Books Nonfiction Picture Book Challenge 2012 Paranormal and Carnivale Picture Book Challenge 2012 Picture Books Reading Themes

Nonfiction Monday: A Not-so-tall-tale “Stand Straight, Ella Kate: The True Story of a Real Giant” by the Klise Sisters

I love how our bimonthly themes are leading us to stories that we would not have otherwise discovered. With our Circus, Carnivale, and Paranormal Twists theme for January-February, it isn’t that easy to look for nonfiction picture books that would kind of connect with that theme.

Poster courtesy of our treasured Iphigene

I am glad to have found Stand Straight, Ella Kate: The True Story of a Real Giant as told by Kate Klise and illustrated by M. Sarah Klise by sheer stroke of luck in our community library. It’s a perfect contribution for Nonfiction Monday which is hosted this week by Shelf-employed.

Ella Kate, the Gentle Giantess. Ella Ewing was born in 1872 in a place called Rainbow, Missouri. I did not even know about her until I opened this book from the Klise sisters. The picture book was written using Ella Kate’s voice, giving a different kind of nuance to the entire narrative.

It was only until Ella Kate was seven years old when she started growing at “a most startling rate.”

Mama couldn’t sew dresses fast enough to keep up. So she started adding fabric to the bottom of my favorite dress.

“Stand straight, Ella Kate,” Mama said when she was fixing my hem. But when Mama wasn’t looking, I hunched my back so I’d look smaller.

Ella Ewing with her mother. Click on the image to be taken to the websource.

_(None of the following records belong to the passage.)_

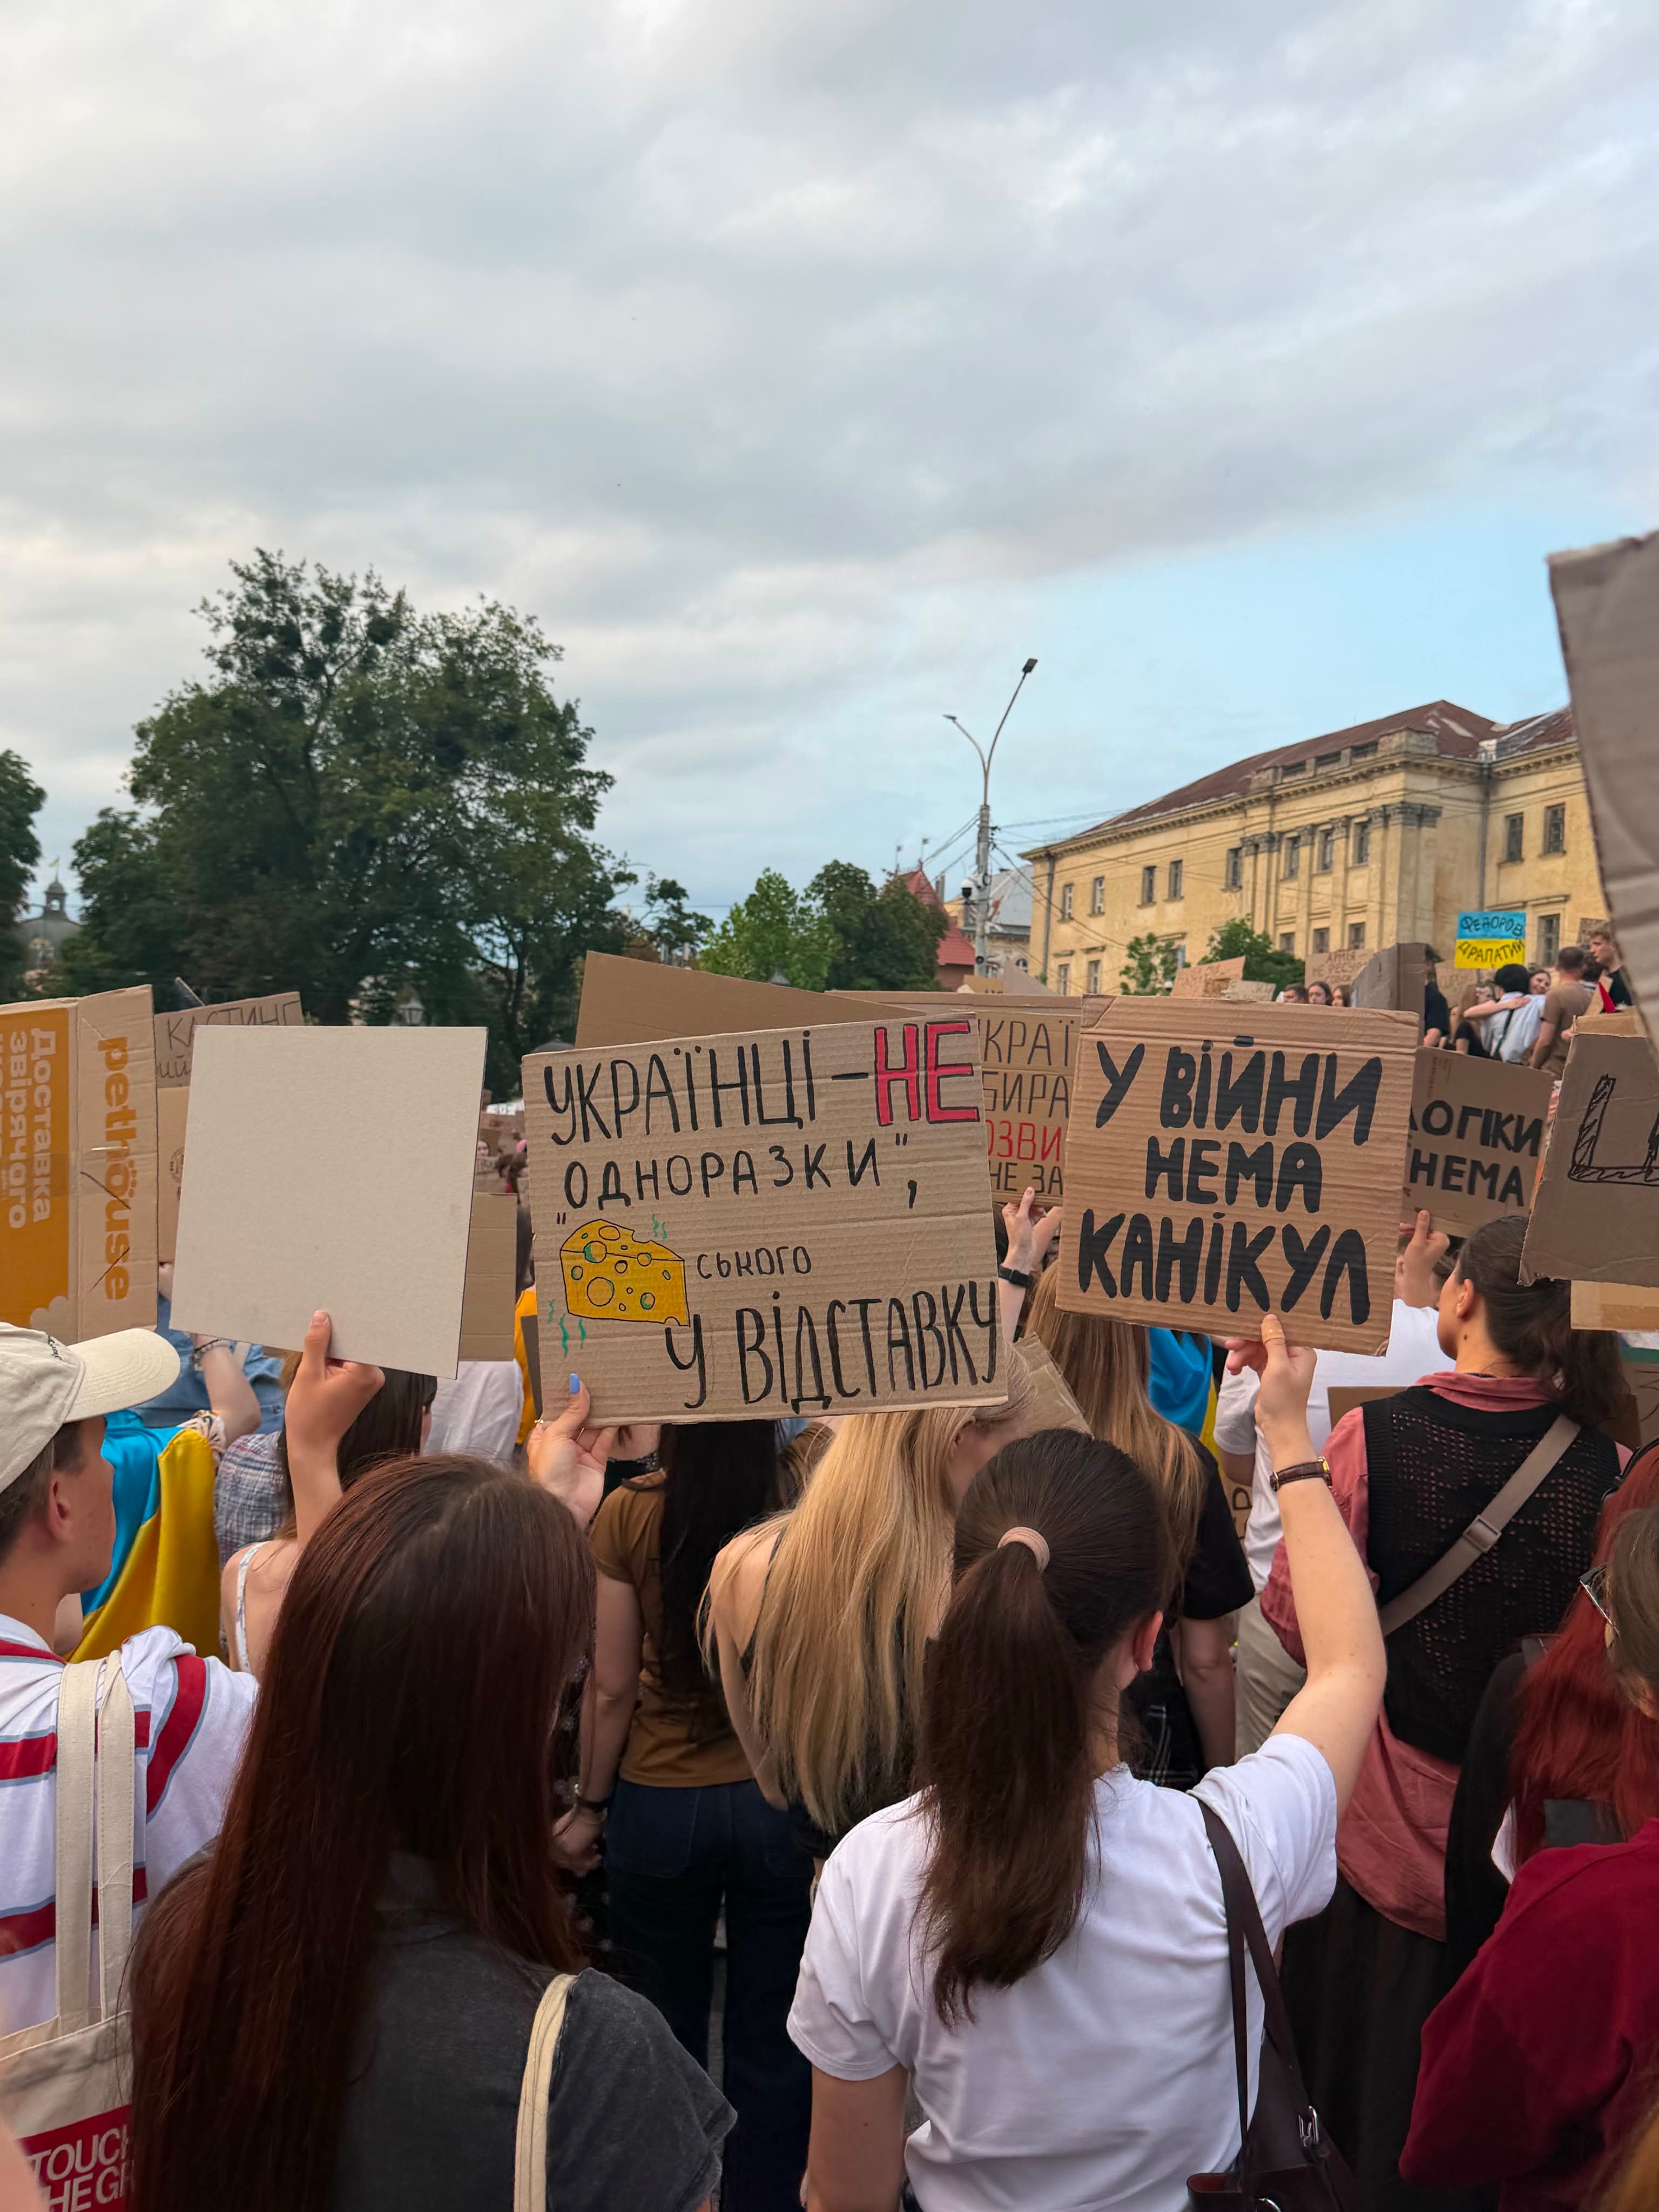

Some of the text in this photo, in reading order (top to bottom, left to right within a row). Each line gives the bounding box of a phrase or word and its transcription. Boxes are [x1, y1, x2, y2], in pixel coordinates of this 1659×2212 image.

[1458, 938, 1525, 962] ДРАПАТИЙ
[1460, 915, 1523, 936] ФЕДОРОВ
[874, 1020, 980, 1127] НЕ
[978, 1019, 1074, 1067] КРАЇ
[1095, 1041, 1145, 1129] У
[1159, 1035, 1383, 1146] ВІЙНИ
[5, 1030, 32, 1229] звірячого
[31, 1028, 56, 1222] Доставка
[98, 1036, 136, 1300] pethouse
[1145, 1136, 1323, 1213] НЕМА
[1409, 1148, 1524, 1207] НЕМА
[1078, 1208, 1371, 1326] КАНІКУЛ
[664, 1280, 997, 1415] У ВІДСТАВКУ
[40, 2173, 93, 2212] HE
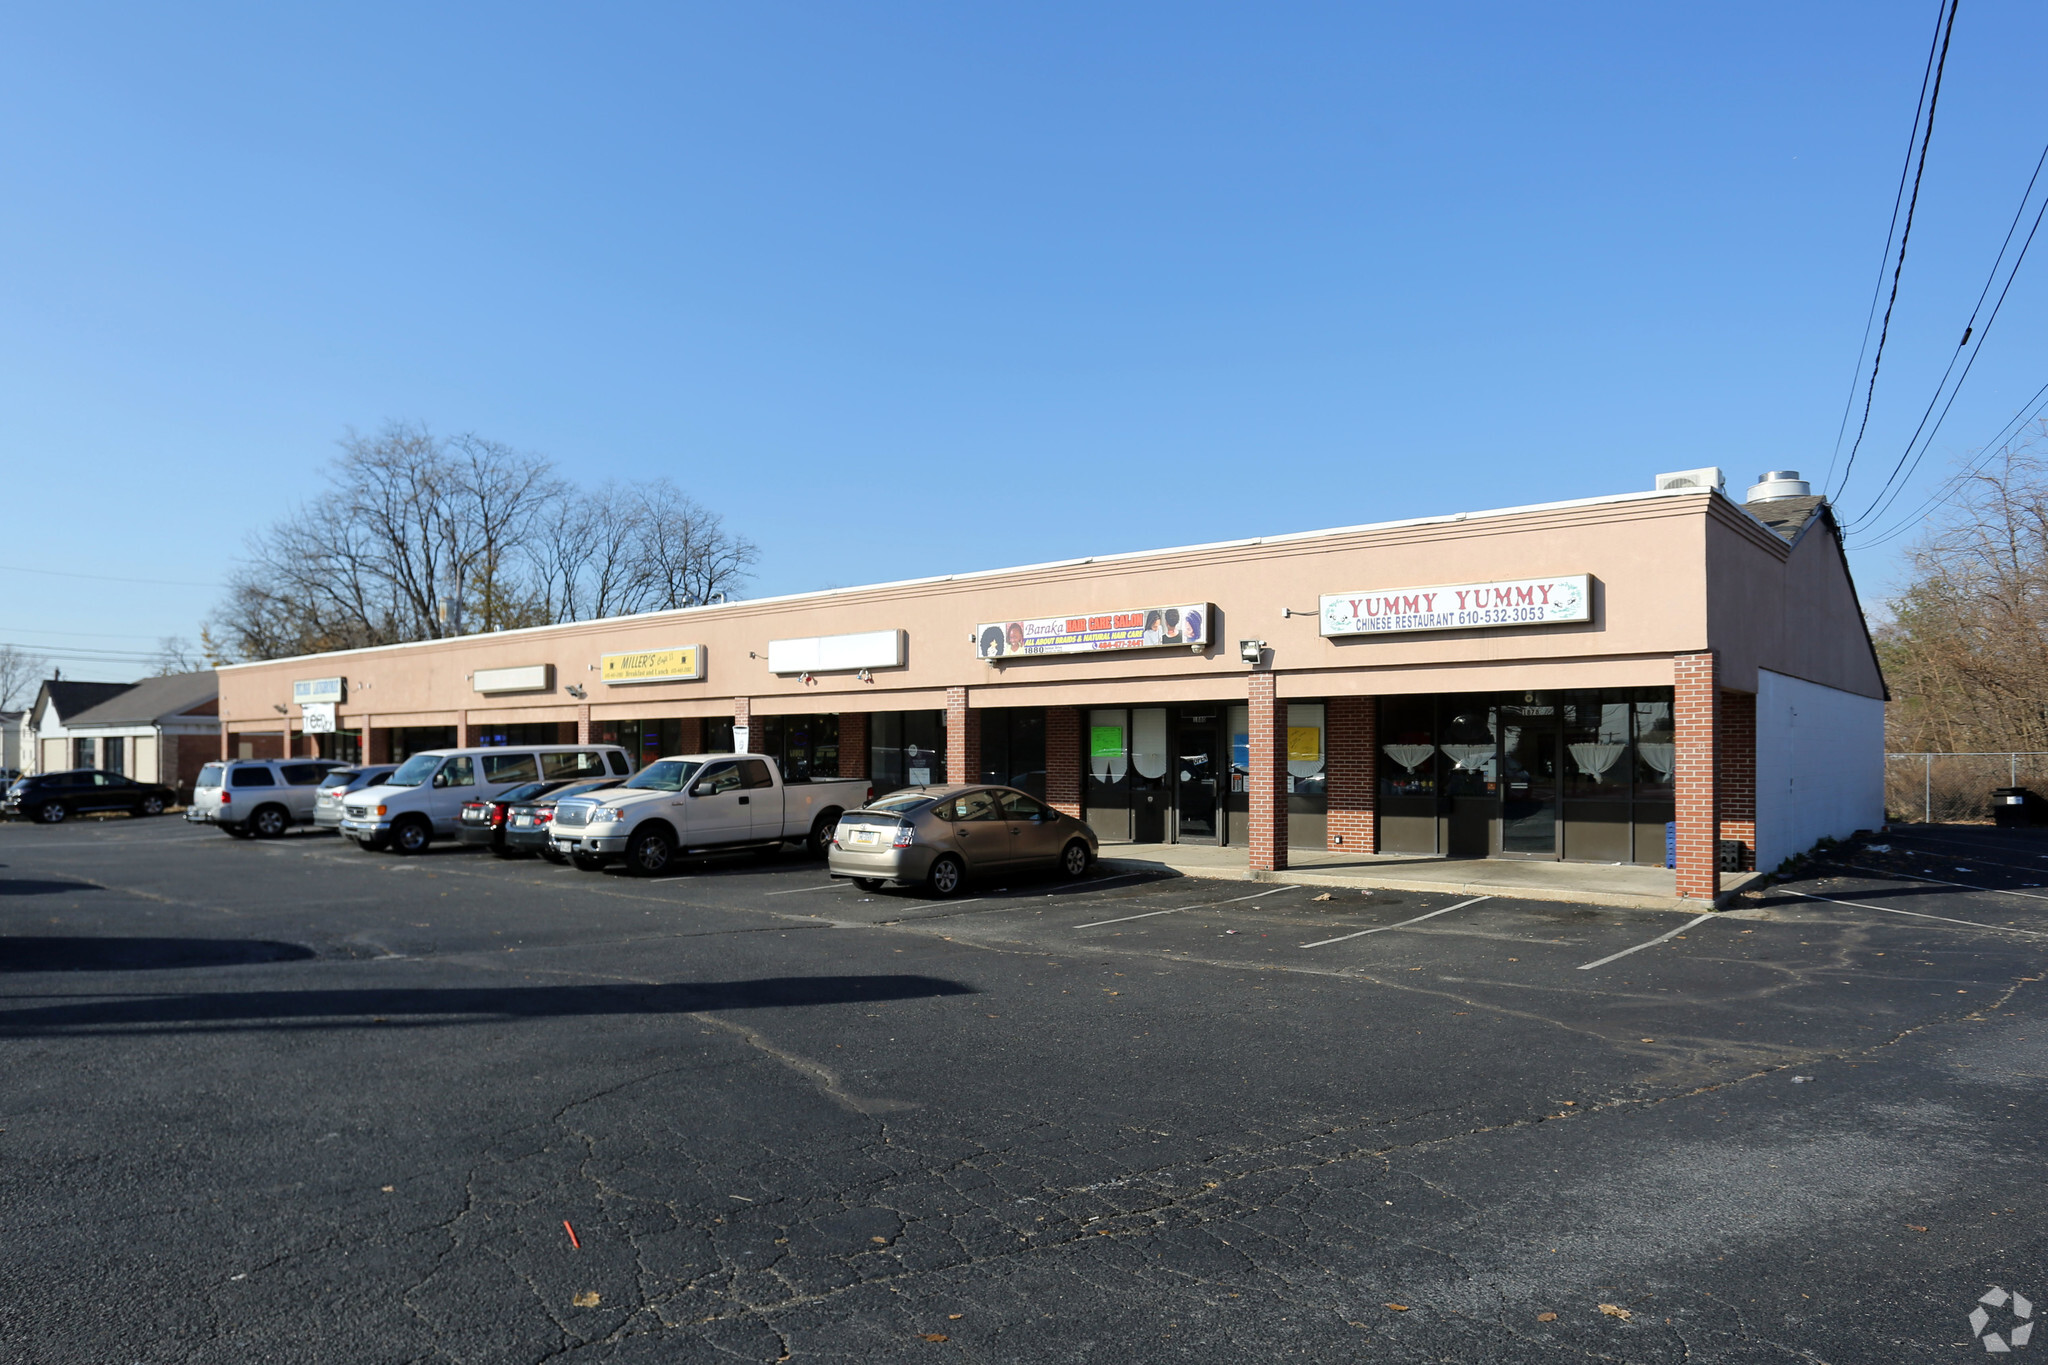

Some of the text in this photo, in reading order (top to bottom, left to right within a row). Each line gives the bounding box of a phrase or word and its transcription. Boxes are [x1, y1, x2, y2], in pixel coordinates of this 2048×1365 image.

[1349, 584, 1554, 618] YUMMY YUMMY
[1025, 613, 1144, 636] Baraka HAIR CARE SALON
[1356, 607, 1544, 631] CHINESE RESTAURANT 610-532-3053
[1025, 638, 1035, 646] ALL
[1035, 637, 1055, 645] ABOUT
[1055, 635, 1077, 644] BRAIDS
[1083, 632, 1110, 642] NATURAL
[1111, 631, 1126, 640] HAIR
[1127, 630, 1144, 638] CARE
[1024, 646, 1044, 654] 1880
[621, 654, 656, 669] MILLER'S

The reader also gets to see how Ella’s father would build a big desk for her in school so that she could fit her long legs under her desk. By age thirteen, she stood almost six feet tall. Towering at 8’4″ the doctors at the time were unaware of Ella Kate’s condition known as gigantism, a gland disorder. A Note from the Author found at the end of the book shared a few facts about Ella’s condition and the emotional distress that she suffered because of it. Kate Klise was also able to touch a chord in my heart as she spoke using Kate’s voice in the book:

My best friend was a girl named Pearl. Just like her name, Pearl was small and beautiful. When I got teased at recess on account of my size, Pearl suggested we run away.

“We’ll hide you in a secret place where no one can find you,” Pearl said. 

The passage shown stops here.